** Opening Material shown block **
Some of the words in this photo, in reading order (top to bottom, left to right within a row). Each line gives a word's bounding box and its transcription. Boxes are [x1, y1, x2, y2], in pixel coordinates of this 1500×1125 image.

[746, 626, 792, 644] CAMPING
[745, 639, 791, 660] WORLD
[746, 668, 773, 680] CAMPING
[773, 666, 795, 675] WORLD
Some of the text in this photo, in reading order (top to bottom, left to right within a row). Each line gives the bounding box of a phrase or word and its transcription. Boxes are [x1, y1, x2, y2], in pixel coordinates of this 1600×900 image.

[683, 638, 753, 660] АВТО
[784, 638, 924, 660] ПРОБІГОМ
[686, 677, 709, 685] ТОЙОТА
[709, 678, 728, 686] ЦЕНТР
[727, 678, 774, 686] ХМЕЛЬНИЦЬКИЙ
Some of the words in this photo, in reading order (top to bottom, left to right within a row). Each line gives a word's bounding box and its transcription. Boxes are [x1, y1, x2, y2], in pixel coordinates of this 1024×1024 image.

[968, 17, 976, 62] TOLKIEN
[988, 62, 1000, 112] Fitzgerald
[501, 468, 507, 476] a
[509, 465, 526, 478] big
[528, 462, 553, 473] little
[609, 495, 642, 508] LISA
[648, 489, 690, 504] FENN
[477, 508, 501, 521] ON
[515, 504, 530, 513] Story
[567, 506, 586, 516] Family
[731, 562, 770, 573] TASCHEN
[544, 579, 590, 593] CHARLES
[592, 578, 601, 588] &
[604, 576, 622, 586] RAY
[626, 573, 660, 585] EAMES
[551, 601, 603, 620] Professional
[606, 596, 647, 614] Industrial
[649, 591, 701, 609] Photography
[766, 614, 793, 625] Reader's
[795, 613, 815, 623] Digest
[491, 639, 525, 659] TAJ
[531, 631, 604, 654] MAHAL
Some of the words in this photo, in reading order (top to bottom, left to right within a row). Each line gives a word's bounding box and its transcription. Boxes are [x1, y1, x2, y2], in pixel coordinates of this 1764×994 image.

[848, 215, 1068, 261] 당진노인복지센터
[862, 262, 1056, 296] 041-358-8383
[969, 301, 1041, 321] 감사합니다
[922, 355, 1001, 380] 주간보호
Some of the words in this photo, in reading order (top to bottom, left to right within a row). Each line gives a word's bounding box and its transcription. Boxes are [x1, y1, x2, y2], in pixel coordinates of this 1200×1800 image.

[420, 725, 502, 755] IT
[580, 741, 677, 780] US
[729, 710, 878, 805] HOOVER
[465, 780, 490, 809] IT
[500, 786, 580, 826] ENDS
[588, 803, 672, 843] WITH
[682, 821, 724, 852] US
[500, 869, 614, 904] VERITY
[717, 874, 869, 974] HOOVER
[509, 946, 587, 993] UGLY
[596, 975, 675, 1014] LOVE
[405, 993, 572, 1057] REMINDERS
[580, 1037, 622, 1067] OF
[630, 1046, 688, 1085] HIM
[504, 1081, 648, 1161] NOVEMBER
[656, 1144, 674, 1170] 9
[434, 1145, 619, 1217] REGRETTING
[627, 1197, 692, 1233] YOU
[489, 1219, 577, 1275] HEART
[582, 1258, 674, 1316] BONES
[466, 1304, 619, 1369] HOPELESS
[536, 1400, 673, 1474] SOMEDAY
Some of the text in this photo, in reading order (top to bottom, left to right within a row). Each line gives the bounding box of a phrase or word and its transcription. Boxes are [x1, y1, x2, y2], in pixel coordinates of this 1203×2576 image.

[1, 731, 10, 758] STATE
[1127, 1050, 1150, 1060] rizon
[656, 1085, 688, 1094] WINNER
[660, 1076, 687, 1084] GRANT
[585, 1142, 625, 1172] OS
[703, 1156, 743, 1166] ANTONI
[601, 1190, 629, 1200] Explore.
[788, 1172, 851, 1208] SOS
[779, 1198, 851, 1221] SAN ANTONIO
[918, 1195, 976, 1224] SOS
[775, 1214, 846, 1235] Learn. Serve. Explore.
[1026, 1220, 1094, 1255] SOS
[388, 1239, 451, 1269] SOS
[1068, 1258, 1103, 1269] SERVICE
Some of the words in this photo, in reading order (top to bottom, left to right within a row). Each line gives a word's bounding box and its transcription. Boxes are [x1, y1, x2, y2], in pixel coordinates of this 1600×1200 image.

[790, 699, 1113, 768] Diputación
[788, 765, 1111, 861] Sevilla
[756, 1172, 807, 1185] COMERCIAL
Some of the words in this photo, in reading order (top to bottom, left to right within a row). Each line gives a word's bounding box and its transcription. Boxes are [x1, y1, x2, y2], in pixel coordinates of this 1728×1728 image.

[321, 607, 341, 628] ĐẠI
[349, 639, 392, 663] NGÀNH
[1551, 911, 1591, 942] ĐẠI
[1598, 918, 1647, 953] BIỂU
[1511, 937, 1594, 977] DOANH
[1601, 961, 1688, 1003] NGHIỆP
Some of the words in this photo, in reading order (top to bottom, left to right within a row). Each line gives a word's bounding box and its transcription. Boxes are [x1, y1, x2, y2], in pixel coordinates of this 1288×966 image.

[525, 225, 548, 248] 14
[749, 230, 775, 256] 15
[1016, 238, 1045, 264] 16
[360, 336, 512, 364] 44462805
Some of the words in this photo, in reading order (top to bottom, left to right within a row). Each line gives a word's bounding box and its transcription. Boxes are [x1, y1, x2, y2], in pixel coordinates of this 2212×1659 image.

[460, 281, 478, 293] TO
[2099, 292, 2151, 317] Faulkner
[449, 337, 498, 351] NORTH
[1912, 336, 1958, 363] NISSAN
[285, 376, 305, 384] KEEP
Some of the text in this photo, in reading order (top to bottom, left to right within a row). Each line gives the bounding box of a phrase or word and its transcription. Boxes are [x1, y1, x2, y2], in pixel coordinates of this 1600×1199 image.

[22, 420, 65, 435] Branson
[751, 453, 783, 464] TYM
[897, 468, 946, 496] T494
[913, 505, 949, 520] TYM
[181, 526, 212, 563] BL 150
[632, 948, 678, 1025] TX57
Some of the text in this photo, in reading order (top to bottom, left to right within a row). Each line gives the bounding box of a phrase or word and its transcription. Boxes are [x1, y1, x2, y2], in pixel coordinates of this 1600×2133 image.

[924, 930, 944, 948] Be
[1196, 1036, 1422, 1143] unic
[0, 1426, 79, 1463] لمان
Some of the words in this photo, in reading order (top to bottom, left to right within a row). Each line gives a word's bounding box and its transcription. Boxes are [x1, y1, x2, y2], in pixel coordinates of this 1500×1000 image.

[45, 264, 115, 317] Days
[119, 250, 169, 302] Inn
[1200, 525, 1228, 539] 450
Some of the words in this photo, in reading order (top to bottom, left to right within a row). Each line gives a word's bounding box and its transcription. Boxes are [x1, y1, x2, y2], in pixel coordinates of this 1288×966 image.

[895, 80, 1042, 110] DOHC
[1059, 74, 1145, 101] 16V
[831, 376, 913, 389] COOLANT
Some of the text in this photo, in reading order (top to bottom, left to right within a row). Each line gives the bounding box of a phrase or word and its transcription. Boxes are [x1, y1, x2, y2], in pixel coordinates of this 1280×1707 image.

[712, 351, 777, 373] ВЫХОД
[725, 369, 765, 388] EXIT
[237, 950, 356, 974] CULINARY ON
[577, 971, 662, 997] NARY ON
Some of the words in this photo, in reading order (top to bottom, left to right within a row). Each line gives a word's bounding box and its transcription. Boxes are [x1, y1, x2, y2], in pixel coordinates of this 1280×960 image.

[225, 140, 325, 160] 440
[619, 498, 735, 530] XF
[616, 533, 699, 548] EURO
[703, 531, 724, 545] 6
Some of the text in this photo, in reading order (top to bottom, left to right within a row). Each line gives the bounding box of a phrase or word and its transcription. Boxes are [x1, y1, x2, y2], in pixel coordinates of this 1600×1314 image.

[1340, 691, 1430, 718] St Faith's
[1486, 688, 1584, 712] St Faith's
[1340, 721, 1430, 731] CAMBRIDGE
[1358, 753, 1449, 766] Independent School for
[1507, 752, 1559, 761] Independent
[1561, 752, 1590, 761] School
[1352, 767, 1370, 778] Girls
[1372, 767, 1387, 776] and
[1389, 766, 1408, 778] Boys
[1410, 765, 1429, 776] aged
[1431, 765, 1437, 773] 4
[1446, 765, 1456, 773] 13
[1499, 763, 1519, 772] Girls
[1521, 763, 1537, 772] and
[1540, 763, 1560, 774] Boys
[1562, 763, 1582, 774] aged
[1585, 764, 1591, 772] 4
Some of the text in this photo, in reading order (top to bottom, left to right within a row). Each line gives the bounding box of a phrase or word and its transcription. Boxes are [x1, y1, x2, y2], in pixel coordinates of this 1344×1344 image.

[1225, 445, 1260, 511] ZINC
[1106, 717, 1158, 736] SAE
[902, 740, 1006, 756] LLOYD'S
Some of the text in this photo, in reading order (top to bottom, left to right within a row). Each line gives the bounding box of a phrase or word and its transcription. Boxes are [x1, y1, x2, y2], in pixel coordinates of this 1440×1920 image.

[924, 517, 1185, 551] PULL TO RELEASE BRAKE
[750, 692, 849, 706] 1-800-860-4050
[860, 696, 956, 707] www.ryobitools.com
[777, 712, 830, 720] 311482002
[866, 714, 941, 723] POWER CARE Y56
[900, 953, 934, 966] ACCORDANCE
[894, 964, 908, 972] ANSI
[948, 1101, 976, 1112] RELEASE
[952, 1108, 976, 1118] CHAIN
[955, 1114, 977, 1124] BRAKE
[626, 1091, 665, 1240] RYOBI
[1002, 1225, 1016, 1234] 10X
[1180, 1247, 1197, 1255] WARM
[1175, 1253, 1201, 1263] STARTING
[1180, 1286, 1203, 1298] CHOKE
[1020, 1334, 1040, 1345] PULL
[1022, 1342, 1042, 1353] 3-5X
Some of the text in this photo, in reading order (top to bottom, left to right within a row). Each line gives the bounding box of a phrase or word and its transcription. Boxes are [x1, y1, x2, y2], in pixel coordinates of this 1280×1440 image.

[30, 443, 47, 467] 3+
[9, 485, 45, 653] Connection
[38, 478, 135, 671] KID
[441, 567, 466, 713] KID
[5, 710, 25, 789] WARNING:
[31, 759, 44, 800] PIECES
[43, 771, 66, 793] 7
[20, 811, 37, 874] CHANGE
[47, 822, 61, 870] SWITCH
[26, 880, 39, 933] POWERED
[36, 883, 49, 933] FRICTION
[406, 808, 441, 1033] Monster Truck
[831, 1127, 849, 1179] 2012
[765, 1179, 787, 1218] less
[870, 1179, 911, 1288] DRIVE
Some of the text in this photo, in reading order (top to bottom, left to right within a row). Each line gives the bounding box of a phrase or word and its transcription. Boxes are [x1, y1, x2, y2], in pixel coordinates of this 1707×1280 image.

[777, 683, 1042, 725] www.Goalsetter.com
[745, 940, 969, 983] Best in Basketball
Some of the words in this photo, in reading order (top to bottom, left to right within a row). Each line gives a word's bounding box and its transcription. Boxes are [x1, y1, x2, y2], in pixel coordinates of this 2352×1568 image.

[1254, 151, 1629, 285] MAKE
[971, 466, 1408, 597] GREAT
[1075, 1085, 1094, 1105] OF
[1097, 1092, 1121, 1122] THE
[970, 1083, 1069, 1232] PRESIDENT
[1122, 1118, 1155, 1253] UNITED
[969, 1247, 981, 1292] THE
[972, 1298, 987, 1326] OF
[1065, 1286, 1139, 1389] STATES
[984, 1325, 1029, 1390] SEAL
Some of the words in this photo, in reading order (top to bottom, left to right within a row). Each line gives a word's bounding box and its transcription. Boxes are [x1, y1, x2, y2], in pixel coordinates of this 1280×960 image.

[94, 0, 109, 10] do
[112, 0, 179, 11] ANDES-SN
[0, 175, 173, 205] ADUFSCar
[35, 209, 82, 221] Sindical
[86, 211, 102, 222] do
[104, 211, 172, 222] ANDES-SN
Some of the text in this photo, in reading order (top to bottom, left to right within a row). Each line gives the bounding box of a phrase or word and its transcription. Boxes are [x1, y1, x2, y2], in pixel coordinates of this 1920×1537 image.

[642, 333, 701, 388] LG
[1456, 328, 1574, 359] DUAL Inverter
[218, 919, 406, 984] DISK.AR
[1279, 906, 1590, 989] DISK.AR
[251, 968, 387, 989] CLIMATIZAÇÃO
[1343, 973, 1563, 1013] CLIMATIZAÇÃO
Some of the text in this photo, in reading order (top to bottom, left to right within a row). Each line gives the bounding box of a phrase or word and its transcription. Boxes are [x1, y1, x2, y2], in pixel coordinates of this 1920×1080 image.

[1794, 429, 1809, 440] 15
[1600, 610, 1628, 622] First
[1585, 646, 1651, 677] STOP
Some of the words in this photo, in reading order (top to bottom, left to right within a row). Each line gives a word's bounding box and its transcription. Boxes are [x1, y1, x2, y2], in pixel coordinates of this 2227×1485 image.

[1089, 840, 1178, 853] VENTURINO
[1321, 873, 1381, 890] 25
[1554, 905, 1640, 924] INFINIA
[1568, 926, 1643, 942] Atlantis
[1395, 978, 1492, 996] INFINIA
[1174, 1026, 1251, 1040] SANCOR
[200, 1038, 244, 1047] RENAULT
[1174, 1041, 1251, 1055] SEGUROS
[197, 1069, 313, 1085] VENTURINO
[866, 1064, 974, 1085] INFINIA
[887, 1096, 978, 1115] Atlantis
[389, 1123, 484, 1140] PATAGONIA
** Closing Material shown block **
*Try it*:
Please copy the line that contains "this 2227×1485 image." and each line after it through the end of the records, exactly, and no other lines.

*Expected answer*:
Some of the words in this photo, in reading order (top to bottom, left to right within a row). Each line gives a word's bounding box and its transcription. Boxes are [x1, y1, x2, y2], in pixel coordinates of this 2227×1485 image.

[1089, 840, 1178, 853] VENTURINO
[1321, 873, 1381, 890] 25
[1554, 905, 1640, 924] INFINIA
[1568, 926, 1643, 942] Atlantis
[1395, 978, 1492, 996] INFINIA
[1174, 1026, 1251, 1040] SANCOR
[200, 1038, 244, 1047] RENAULT
[1174, 1041, 1251, 1055] SEGUROS
[197, 1069, 313, 1085] VENTURINO
[866, 1064, 974, 1085] INFINIA
[887, 1096, 978, 1115] Atlantis
[389, 1123, 484, 1140] PATAGONIA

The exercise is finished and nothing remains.